Alert July 20, 2010

Basel Committee Issues Countercyclical Capital Buffer Proposal

The Basel Committee on Banking Supervision (the “BCBS”) issued a consultative document regarding its proposal for a countercyclical capital buffer (the “Proposal”).  The Proposal provides that a buffer would be “deployed when excess aggregate credit growth is judged to be associated with a build-up of system-wide risk to ensure the banking system has a buffer of capital to protect it against future potential losses.”  Accordingly, such countercyclical capital buffers are expected to be deployed in a given jurisdiction only on an infrequent basis, “perhaps as infrequently as once every 10 to 20 years.”  In general, national bank regulators would inform banks 12 months in advance of their judgment of any necessary “buffer add-on” in order to give banks time to meet the additional capital requirements, while reductions in a buffer would take effect immediately to help reduce the risk that the supply of credit would be constrained by regulatory capital requirements. 

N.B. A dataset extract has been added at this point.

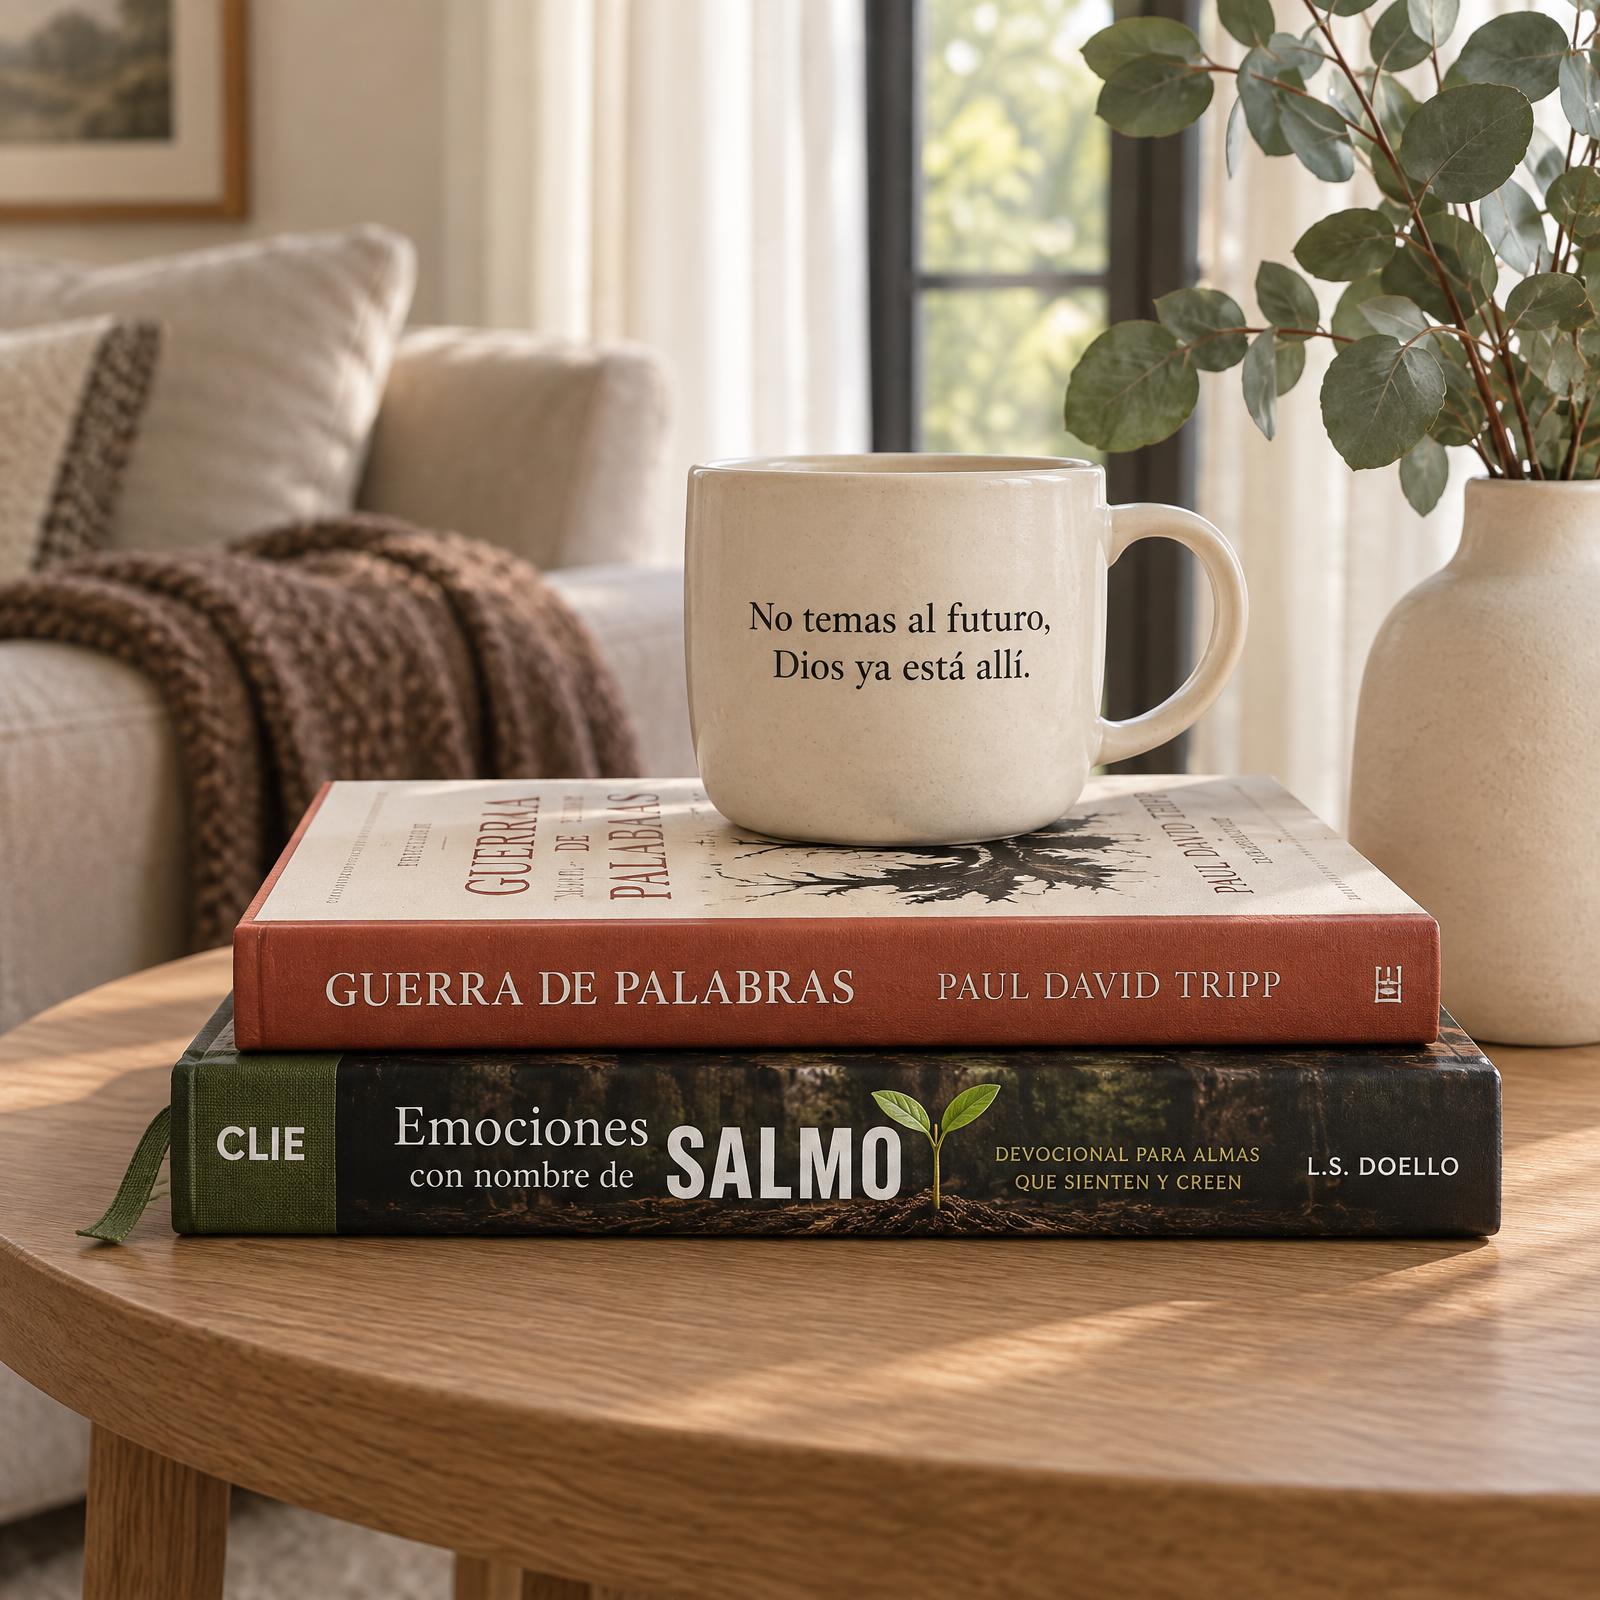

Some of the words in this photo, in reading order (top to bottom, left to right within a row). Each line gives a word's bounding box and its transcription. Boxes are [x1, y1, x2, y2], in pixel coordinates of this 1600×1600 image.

Under the Proposal, internationally active banks would look at the geographic location of their credit exposures and calculate their buffer add-on for each exposure on the basis of the buffer in effect in the jurisdiction in which the exposure is located.  (In other words, an internationally active bank’s buffer would effectively be equal to a weighted average of the buffer add-ons applied in jurisdictions to which it has exposures.)  Accordingly, internationally active banks “will likely find themselves carrying a small buffer on a more frequent basis, since credit cycles are not always highly correlated across the jurisdictions to which they have credit exposures.”  The Proposal also notes that the BCBS is continuing to consider the home-host aspects of the Proposal. 

Methodology

To assist the relevant national banking regulators in each jurisdiction in making buffer decisions, the BCBS developed a methodology to serve as a common starting reference point.  The methodology “transforms the aggregate private sector credit/GDP gap into a suggested buffer add-on,” with a zero guide add-on when credit/GDP is near or below its long-term trend and a positive guide add-on when credit/GDP exceeds its long term trend by an amount which suggests there could be excess credit growth.  The BCBS noted, though, that national authorities are not expected to rely mechanistically on the credit/GDP guide, but rather are expected to apply judgment in the setting of the buffer in their jurisdiction after using the best information available to gauge the build-up of system-wide risk.

Public Comment

The BCBS is accepting comments on the Proposal until September 10, 2010.

Other Action

The BCBS also announced in a press release that it will be presenting to the Central Bank Governors and Heads of Supervision at an upcoming meeting later in July concrete recommendations for the definition of capital, the treatment of counterparty credit risk, the leverage ratio, the conservation buffer and the liquidity ratios.  In addition, the BCBS announced that it reviewed proposals for the role of “going concern” contingent capital and will issue shortly a proposal for consultation.  Furthermore, the press release notes that the BCBS continues to review specific proposals to address the risks of systemic banking institutions, including a “guided discretion” approach for a systemic capital surcharge in combination with other mitigating regulatory and supervisory measures.